[Records from a data collection]
· · ·

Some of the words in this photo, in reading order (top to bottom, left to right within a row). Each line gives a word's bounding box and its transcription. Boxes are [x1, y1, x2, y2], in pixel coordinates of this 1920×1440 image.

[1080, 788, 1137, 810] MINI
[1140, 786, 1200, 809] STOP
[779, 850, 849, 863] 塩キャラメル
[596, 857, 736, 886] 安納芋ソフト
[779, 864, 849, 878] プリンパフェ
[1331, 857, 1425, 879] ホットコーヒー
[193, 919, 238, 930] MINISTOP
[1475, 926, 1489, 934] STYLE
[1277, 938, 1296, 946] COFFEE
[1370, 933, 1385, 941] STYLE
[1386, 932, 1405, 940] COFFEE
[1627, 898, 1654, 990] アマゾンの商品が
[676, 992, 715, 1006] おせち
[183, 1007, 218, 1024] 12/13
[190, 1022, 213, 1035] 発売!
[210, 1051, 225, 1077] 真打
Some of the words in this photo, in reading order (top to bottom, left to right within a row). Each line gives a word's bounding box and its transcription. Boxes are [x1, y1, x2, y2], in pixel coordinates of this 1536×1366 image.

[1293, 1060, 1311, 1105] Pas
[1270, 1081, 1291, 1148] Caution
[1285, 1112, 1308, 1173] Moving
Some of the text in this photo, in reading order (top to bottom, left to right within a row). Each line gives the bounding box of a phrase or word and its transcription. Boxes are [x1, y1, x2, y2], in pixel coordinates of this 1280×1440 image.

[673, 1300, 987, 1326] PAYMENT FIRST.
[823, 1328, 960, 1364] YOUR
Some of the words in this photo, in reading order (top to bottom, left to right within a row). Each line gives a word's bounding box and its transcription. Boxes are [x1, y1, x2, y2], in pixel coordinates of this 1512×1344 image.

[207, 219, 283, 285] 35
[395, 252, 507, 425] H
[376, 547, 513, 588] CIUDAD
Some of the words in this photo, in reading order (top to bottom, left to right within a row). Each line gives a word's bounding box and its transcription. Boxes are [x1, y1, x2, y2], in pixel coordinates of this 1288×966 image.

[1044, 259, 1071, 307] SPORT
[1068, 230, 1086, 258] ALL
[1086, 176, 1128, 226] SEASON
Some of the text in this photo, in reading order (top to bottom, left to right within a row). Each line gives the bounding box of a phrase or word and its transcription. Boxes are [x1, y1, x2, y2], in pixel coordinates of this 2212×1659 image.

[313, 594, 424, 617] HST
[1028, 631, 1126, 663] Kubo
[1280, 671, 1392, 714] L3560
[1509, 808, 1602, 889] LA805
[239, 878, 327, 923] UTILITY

· · ·

**Your task:** Would you return the entries exactly as they stand?

**Your response:**
Some of the words in this photo, in reading order (top to bottom, left to right within a row). Each line gives a word's bounding box and its transcription. Boxes are [x1, y1, x2, y2], in pixel coordinates of this 1920×1440 image.

[1080, 788, 1137, 810] MINI
[1140, 786, 1200, 809] STOP
[779, 850, 849, 863] 塩キャラメル
[596, 857, 736, 886] 安納芋ソフト
[779, 864, 849, 878] プリンパフェ
[1331, 857, 1425, 879] ホットコーヒー
[193, 919, 238, 930] MINISTOP
[1475, 926, 1489, 934] STYLE
[1277, 938, 1296, 946] COFFEE
[1370, 933, 1385, 941] STYLE
[1386, 932, 1405, 940] COFFEE
[1627, 898, 1654, 990] アマゾンの商品が
[676, 992, 715, 1006] おせち
[183, 1007, 218, 1024] 12/13
[190, 1022, 213, 1035] 発売!
[210, 1051, 225, 1077] 真打
Some of the words in this photo, in reading order (top to bottom, left to right within a row). Each line gives a word's bounding box and its transcription. Boxes are [x1, y1, x2, y2], in pixel coordinates of this 1536×1366 image.

[1293, 1060, 1311, 1105] Pas
[1270, 1081, 1291, 1148] Caution
[1285, 1112, 1308, 1173] Moving
Some of the text in this photo, in reading order (top to bottom, left to right within a row). Each line gives the bounding box of a phrase or word and its transcription. Boxes are [x1, y1, x2, y2], in pixel coordinates of this 1280×1440 image.

[673, 1300, 987, 1326] PAYMENT FIRST.
[823, 1328, 960, 1364] YOUR
Some of the words in this photo, in reading order (top to bottom, left to right within a row). Each line gives a word's bounding box and its transcription. Boxes are [x1, y1, x2, y2], in pixel coordinates of this 1512×1344 image.

[207, 219, 283, 285] 35
[395, 252, 507, 425] H
[376, 547, 513, 588] CIUDAD
Some of the words in this photo, in reading order (top to bottom, left to right within a row). Each line gives a word's bounding box and its transcription. Boxes are [x1, y1, x2, y2], in pixel coordinates of this 1288×966 image.

[1044, 259, 1071, 307] SPORT
[1068, 230, 1086, 258] ALL
[1086, 176, 1128, 226] SEASON
Some of the text in this photo, in reading order (top to bottom, left to right within a row). Each line gives the bounding box of a phrase or word and its transcription. Boxes are [x1, y1, x2, y2], in pixel coordinates of this 2212×1659 image.

[313, 594, 424, 617] HST
[1028, 631, 1126, 663] Kubo
[1280, 671, 1392, 714] L3560
[1509, 808, 1602, 889] LA805
[239, 878, 327, 923] UTILITY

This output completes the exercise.